Records provided:
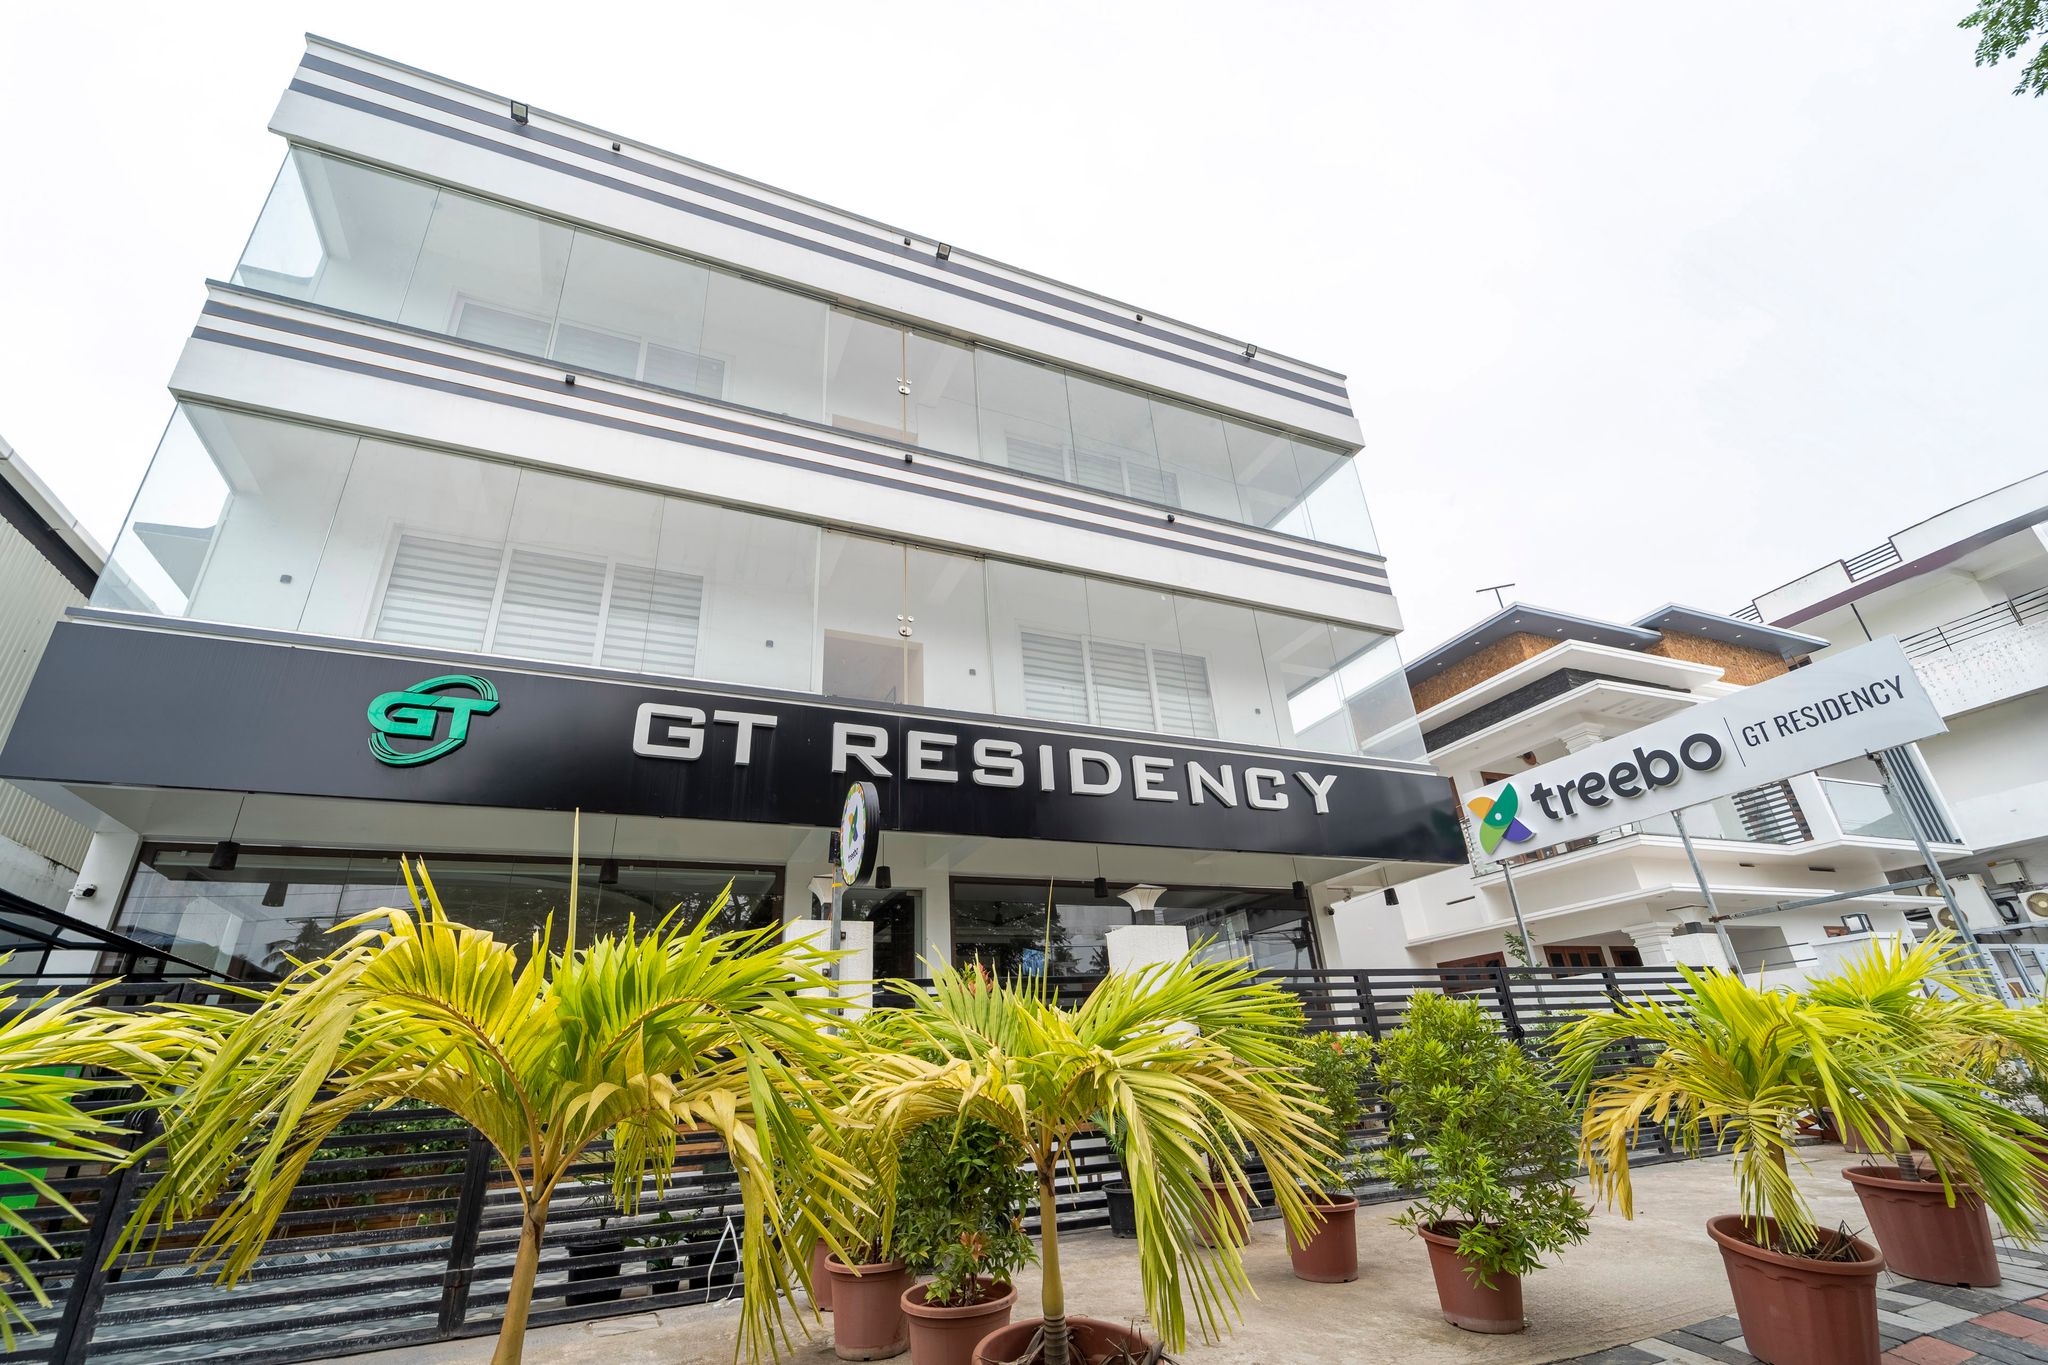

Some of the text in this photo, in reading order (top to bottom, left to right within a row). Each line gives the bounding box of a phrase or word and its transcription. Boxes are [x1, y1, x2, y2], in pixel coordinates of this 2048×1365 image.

[367, 690, 500, 743] GT
[1741, 674, 1906, 748] GT RESIDENCY
[632, 702, 1338, 815] GT RESIDENCY
[1530, 732, 1727, 822] treebo
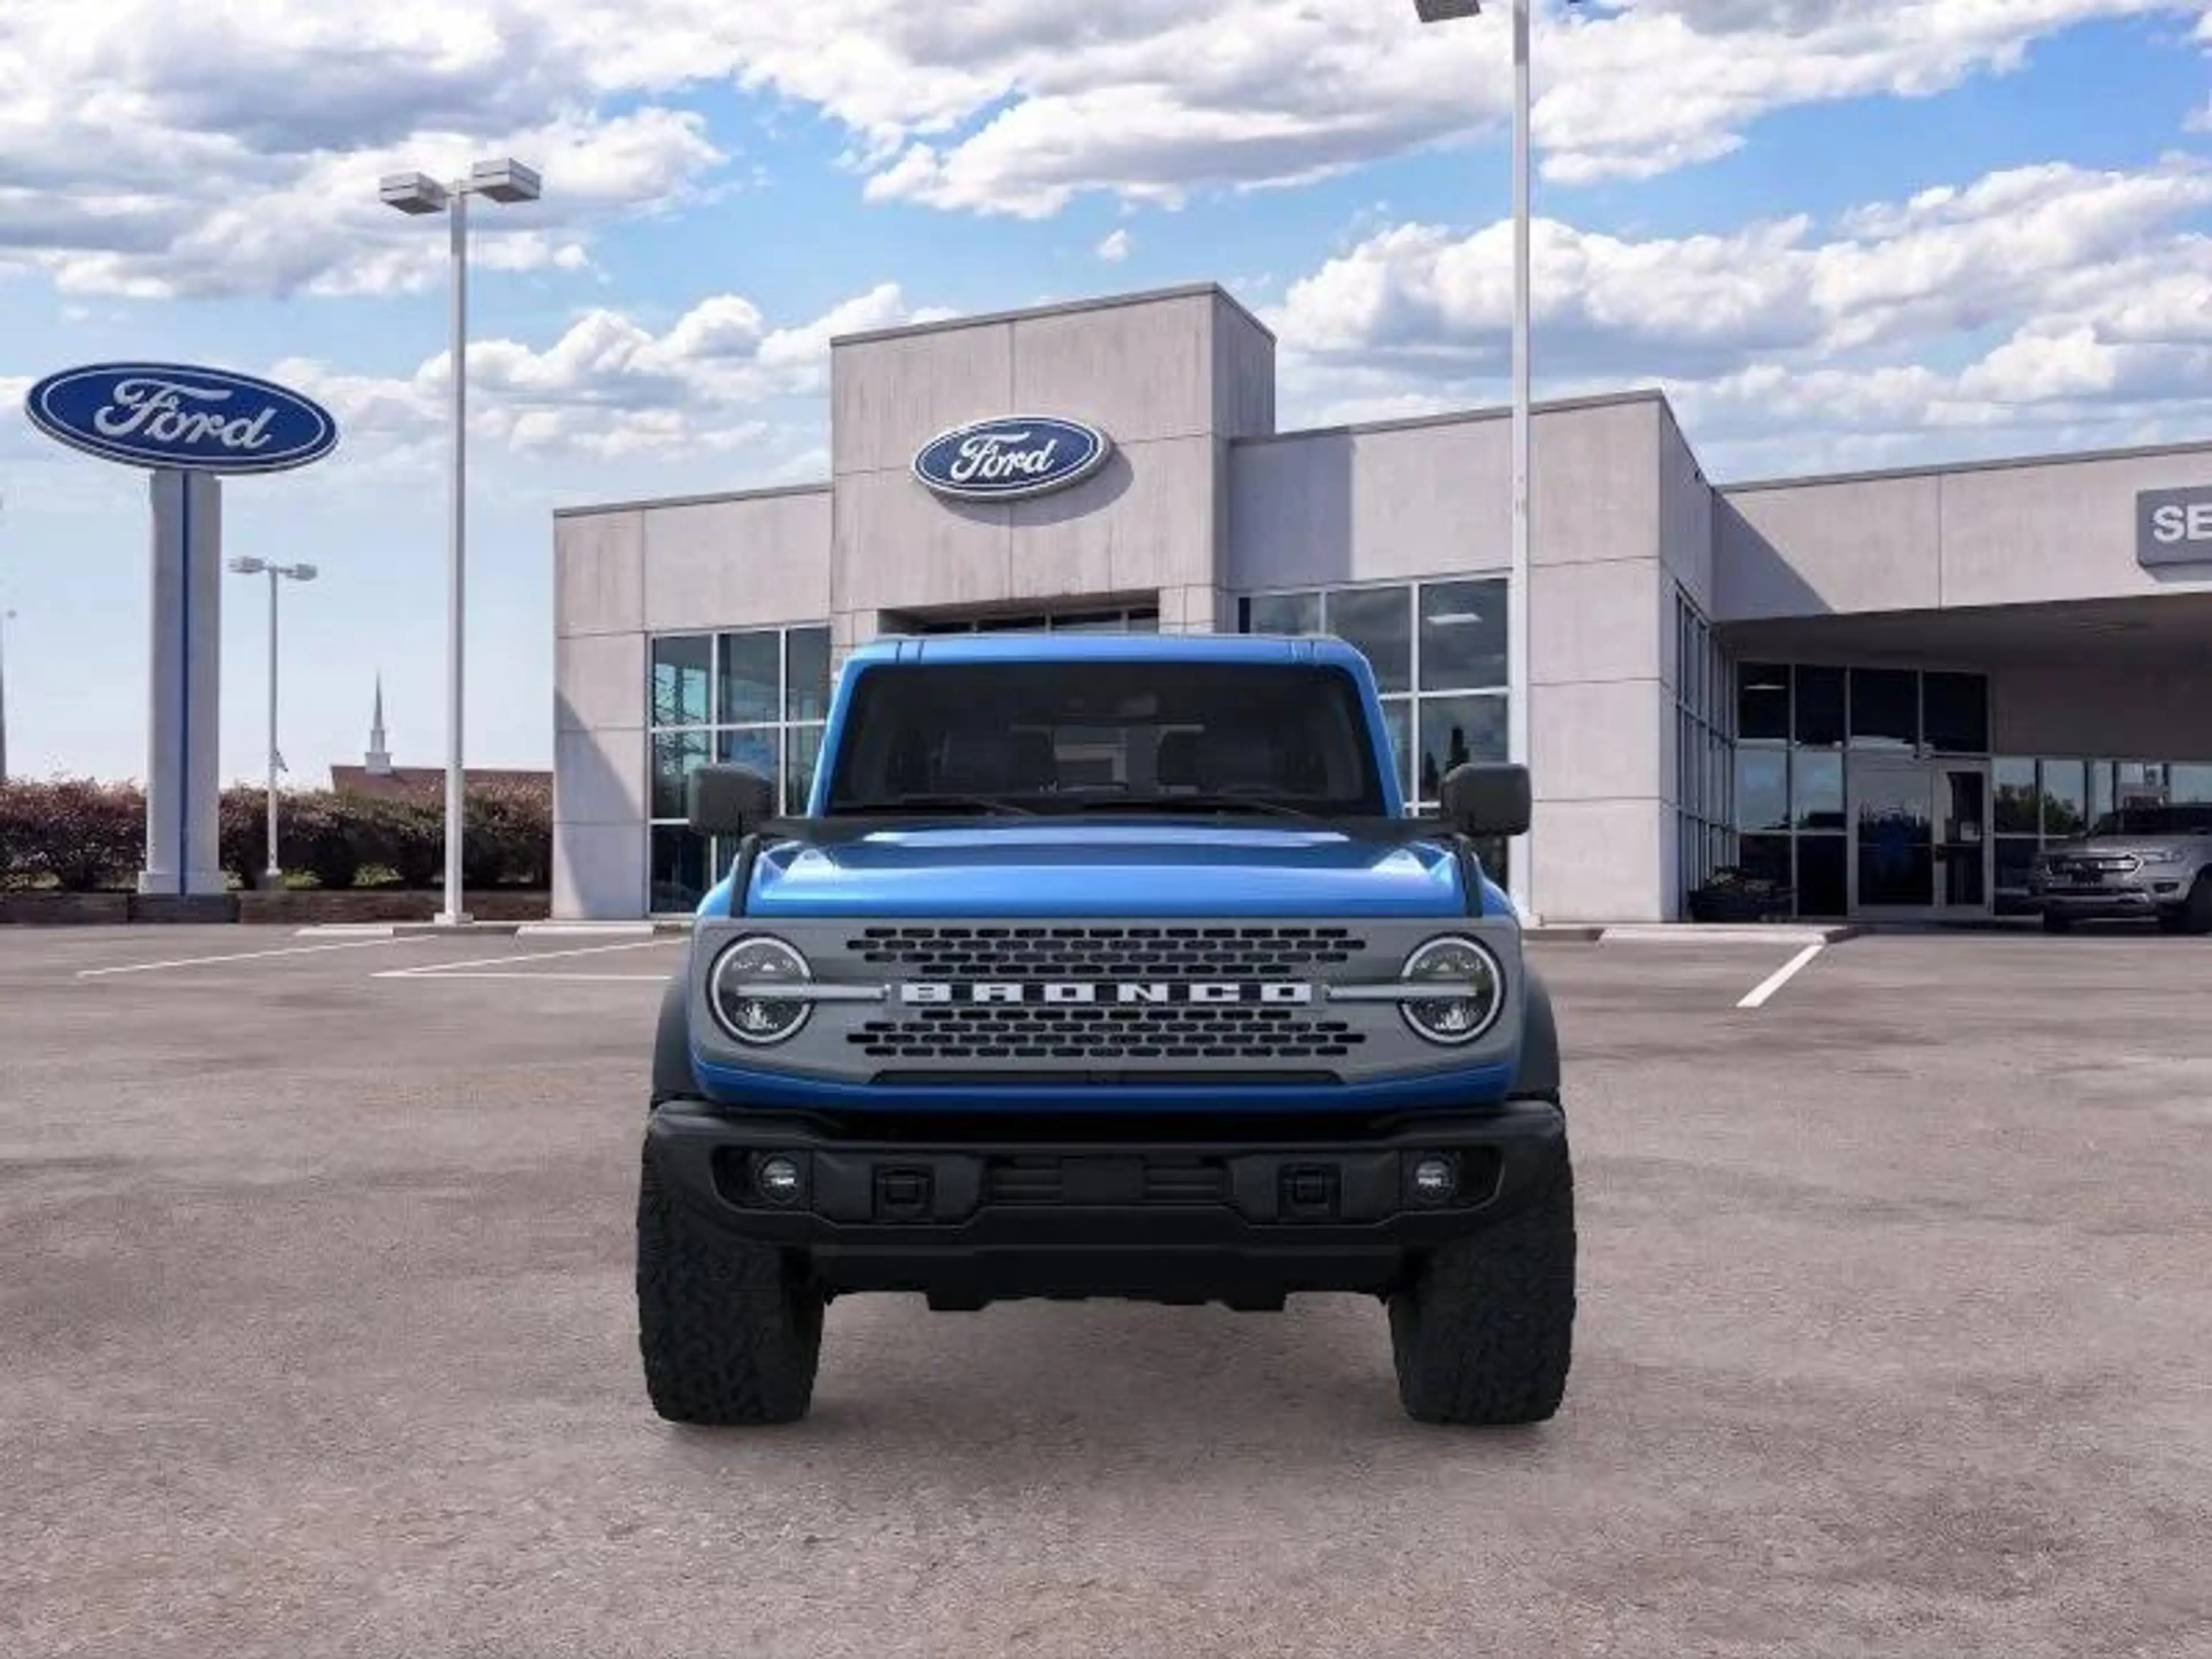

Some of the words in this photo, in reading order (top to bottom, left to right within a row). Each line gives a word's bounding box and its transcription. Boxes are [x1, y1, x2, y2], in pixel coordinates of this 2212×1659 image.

[94, 378, 276, 449] Ford
[950, 431, 1058, 482] Ford
[2153, 503, 2212, 542] SE
[901, 983, 1312, 1003] BRONCO

Exercise aim: The expected output is every entry above, character for character, with no pictures.

Response:
Some of the text in this photo, in reading order (top to bottom, left to right within a row). Each line gives the bounding box of a phrase or word and its transcription. Boxes are [x1, y1, x2, y2], in pixel coordinates of this 2048×1365 image.

[367, 690, 500, 743] GT
[1741, 674, 1906, 748] GT RESIDENCY
[632, 702, 1338, 815] GT RESIDENCY
[1530, 732, 1727, 822] treebo

Some of the words in this photo, in reading order (top to bottom, left to right within a row). Each line gives a word's bounding box and its transcription. Boxes are [x1, y1, x2, y2], in pixel coordinates of this 2212×1659 image.

[94, 378, 276, 449] Ford
[950, 431, 1058, 482] Ford
[2153, 503, 2212, 542] SE
[901, 983, 1312, 1003] BRONCO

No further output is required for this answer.